==== AVAILABLE RECORDS ====

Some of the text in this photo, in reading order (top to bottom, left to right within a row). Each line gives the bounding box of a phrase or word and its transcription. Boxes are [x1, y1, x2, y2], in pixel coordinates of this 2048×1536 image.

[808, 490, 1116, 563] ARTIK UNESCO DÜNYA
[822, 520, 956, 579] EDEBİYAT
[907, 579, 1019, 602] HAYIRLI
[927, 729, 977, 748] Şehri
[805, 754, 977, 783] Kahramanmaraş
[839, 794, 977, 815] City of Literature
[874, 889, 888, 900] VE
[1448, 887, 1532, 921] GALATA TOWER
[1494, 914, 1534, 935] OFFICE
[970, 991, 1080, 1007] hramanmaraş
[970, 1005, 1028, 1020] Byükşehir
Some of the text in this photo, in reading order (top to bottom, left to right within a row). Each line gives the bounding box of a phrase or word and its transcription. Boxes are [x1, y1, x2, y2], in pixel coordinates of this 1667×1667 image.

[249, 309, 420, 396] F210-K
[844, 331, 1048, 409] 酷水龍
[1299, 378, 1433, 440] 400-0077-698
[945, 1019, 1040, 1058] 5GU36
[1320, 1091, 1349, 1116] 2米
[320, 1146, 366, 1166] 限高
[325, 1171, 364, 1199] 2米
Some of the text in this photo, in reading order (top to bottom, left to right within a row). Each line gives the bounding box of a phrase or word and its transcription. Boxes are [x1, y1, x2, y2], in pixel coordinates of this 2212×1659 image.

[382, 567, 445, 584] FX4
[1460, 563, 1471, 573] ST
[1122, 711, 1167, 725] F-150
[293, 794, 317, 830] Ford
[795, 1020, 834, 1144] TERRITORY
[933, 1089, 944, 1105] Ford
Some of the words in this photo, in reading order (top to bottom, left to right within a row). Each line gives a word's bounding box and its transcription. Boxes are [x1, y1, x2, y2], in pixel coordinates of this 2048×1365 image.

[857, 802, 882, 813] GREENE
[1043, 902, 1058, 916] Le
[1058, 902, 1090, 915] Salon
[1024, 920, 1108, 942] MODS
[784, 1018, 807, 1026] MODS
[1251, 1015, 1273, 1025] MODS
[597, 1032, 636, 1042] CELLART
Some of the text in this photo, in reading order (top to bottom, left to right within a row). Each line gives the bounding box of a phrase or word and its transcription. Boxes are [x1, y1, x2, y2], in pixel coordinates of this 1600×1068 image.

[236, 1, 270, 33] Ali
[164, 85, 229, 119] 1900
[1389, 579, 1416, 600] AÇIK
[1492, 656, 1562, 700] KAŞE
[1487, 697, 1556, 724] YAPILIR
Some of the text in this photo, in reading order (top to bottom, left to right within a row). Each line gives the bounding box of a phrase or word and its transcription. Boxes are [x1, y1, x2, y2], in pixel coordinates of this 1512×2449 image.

====

### WORK TASK
Repeat each record exactly, leaving nothing out.

### RESPONSE FOR THIS EXERCISE
Some of the text in this photo, in reading order (top to bottom, left to right within a row). Each line gives the bounding box of a phrase or word and its transcription. Boxes are [x1, y1, x2, y2], in pixel coordinates of this 2048×1536 image.

[808, 490, 1116, 563] ARTIK UNESCO DÜNYA
[822, 520, 956, 579] EDEBİYAT
[907, 579, 1019, 602] HAYIRLI
[927, 729, 977, 748] Şehri
[805, 754, 977, 783] Kahramanmaraş
[839, 794, 977, 815] City of Literature
[874, 889, 888, 900] VE
[1448, 887, 1532, 921] GALATA TOWER
[1494, 914, 1534, 935] OFFICE
[970, 991, 1080, 1007] hramanmaraş
[970, 1005, 1028, 1020] Byükşehir
Some of the text in this photo, in reading order (top to bottom, left to right within a row). Each line gives the bounding box of a phrase or word and its transcription. Boxes are [x1, y1, x2, y2], in pixel coordinates of this 1667×1667 image.

[249, 309, 420, 396] F210-K
[844, 331, 1048, 409] 酷水龍
[1299, 378, 1433, 440] 400-0077-698
[945, 1019, 1040, 1058] 5GU36
[1320, 1091, 1349, 1116] 2米
[320, 1146, 366, 1166] 限高
[325, 1171, 364, 1199] 2米
Some of the text in this photo, in reading order (top to bottom, left to right within a row). Each line gives the bounding box of a phrase or word and its transcription. Boxes are [x1, y1, x2, y2], in pixel coordinates of this 2212×1659 image.

[382, 567, 445, 584] FX4
[1460, 563, 1471, 573] ST
[1122, 711, 1167, 725] F-150
[293, 794, 317, 830] Ford
[795, 1020, 834, 1144] TERRITORY
[933, 1089, 944, 1105] Ford
Some of the words in this photo, in reading order (top to bottom, left to right within a row). Each line gives a word's bounding box and its transcription. Boxes are [x1, y1, x2, y2], in pixel coordinates of this 2048×1365 image.

[857, 802, 882, 813] GREENE
[1043, 902, 1058, 916] Le
[1058, 902, 1090, 915] Salon
[1024, 920, 1108, 942] MODS
[784, 1018, 807, 1026] MODS
[1251, 1015, 1273, 1025] MODS
[597, 1032, 636, 1042] CELLART
Some of the text in this photo, in reading order (top to bottom, left to right within a row). Each line gives the bounding box of a phrase or word and its transcription. Boxes are [x1, y1, x2, y2], in pixel coordinates of this 1600×1068 image.

[236, 1, 270, 33] Ali
[164, 85, 229, 119] 1900
[1389, 579, 1416, 600] AÇIK
[1492, 656, 1562, 700] KAŞE
[1487, 697, 1556, 724] YAPILIR
Some of the text in this photo, in reading order (top to bottom, left to right within a row). Each line gives the bounding box of a phrase or word and its transcription. Boxes are [x1, y1, x2, y2], in pixel coordinates of this 1512×2449 image.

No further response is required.